Protection of the stunned myocardium. Selective nucleoside transport blocker administered after 20 minutes of ischemia augments recovery of ventricular function

Abstract

Background: Metabolic interventions capable of preventing ventricular dysfunction "stunning" or accelerating its functional recovery have potential clinical importance. Myocardial protection of the stunned myocardium has not been documented when drugs were administered only during postischemic reperfusion. The role of ATP depletion and release of purines in myocardial injury was assessed using the selective nucleoside transport blocker p-nitrobenzylthioinosine (NBMPR) in a combination with specific adenosine deaminase inhibitor erythro-9-[hydroxy-3-nonyl]adenine (EHNA) administered during reperfusion after reversible ischemic injury.

Methods and results: Sixteen anesthetized dogs were instrumented with minor axis sonocrystals and intraventricular Millar. Ventricular performance was determined, off bypass, from the slope of the relationship between stroke-work and end-diastolic length as a sensitive and load-independent index of contractility within physiological range.
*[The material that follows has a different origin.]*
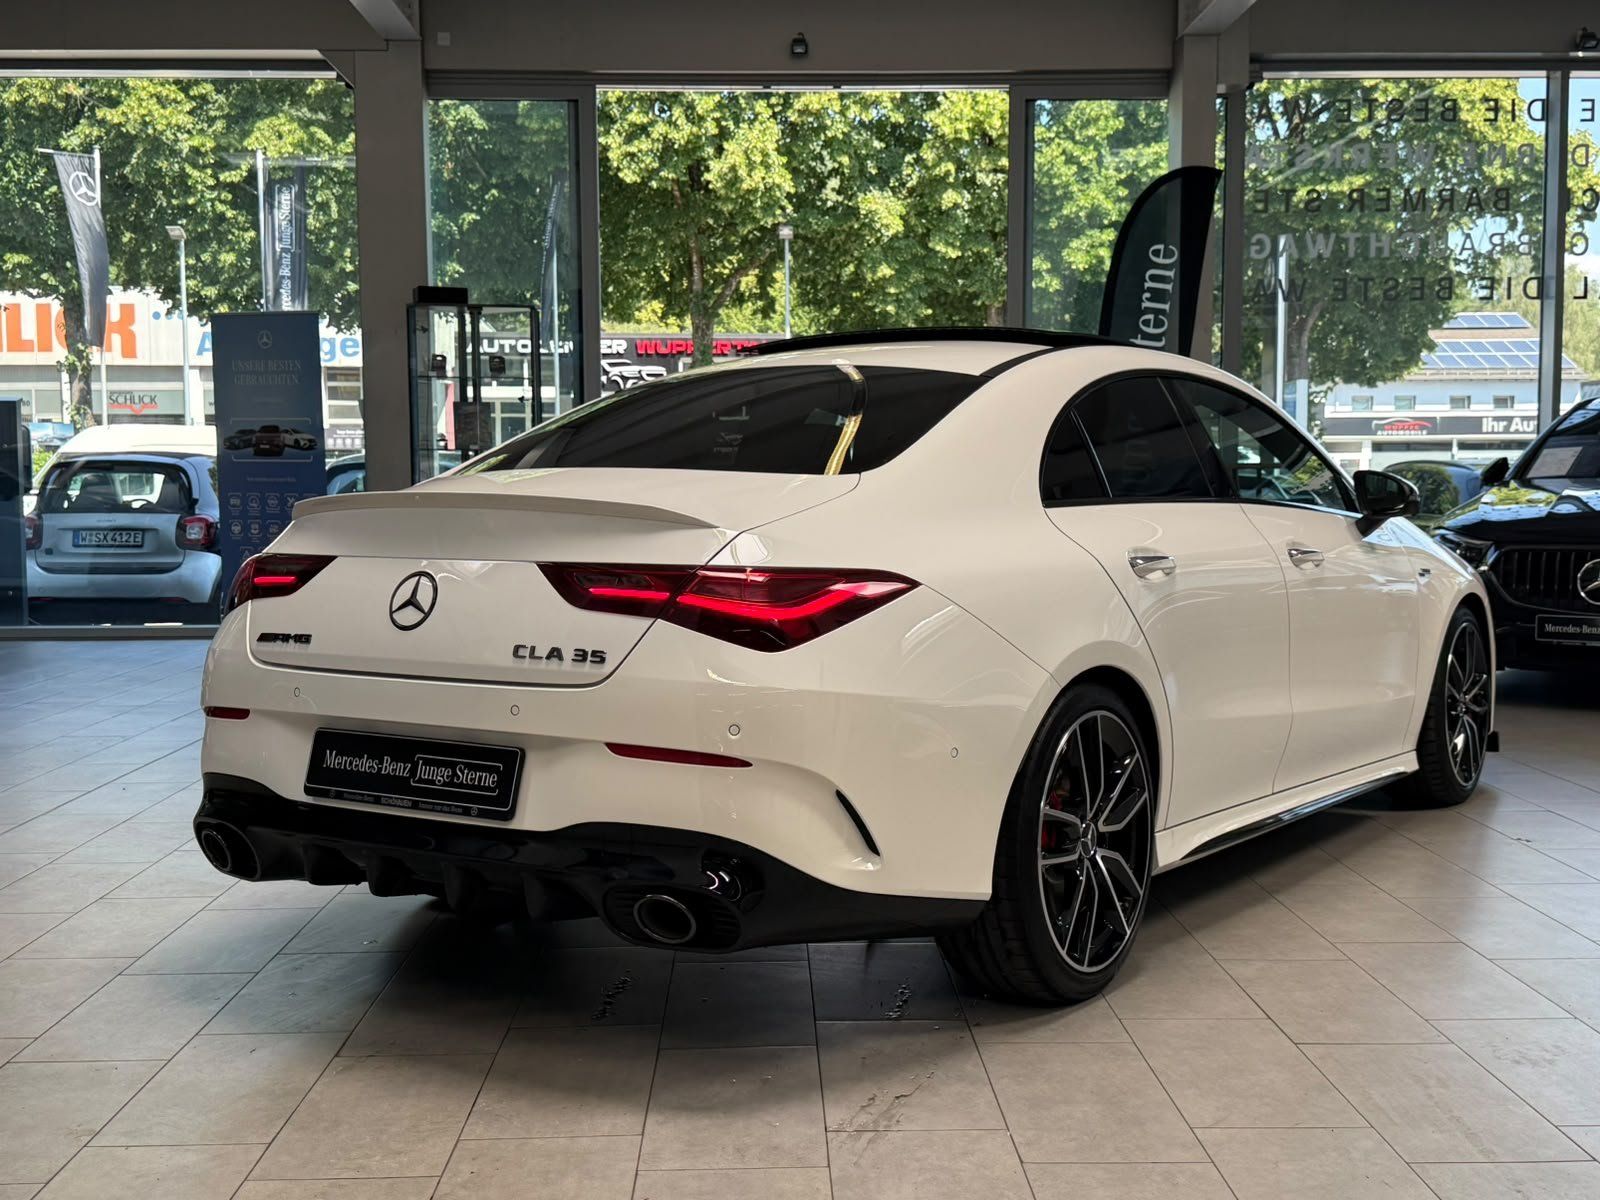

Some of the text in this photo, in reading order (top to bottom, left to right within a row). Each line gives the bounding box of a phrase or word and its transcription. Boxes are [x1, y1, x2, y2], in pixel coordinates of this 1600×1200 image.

Hearts were subjected to 20 minutes' warm global ischemia and reperfused with warm blood treated with either saline (control group, n = 8) or saline containing 100 mumol/L EHNA and 25 mumol/L NBMPR (EHNA/NBMPR-treated group, n = 8). Myocardial biopsies were collected and analyzed for ATP and metabolites using high-performance liquid chromatography. Warm ischemia induced significant depletion of ATP (P < .05 versus preischemia) and accumulation of inosine at the end of ischemia (> 90% of total nucleosides) in both groups. Complete functional recovery was observed in the EHNA/NBMPR-treated group (P < .05 versus control group).

Conclusions: Selective entrapment of adenine nucleosides during postischemic reperfusion attenuated ventricular dysfunction (stunning) after brief global ischemia. It is concluded that nucleoside transport plays an important role in myocardial stunning, and its blockade augmented myocardial protection against reperfusion injury. Selective entrapment of endogenous inosine, generated during ischemia, represents an attractive therapeutic approach to the alleviation of postischemic dysfunction mediated by reperfusion in a wide spectrum of ischemic syndromes, including percutaneous transluminal coronary angioplasty and coronary artery bypass graft surgery.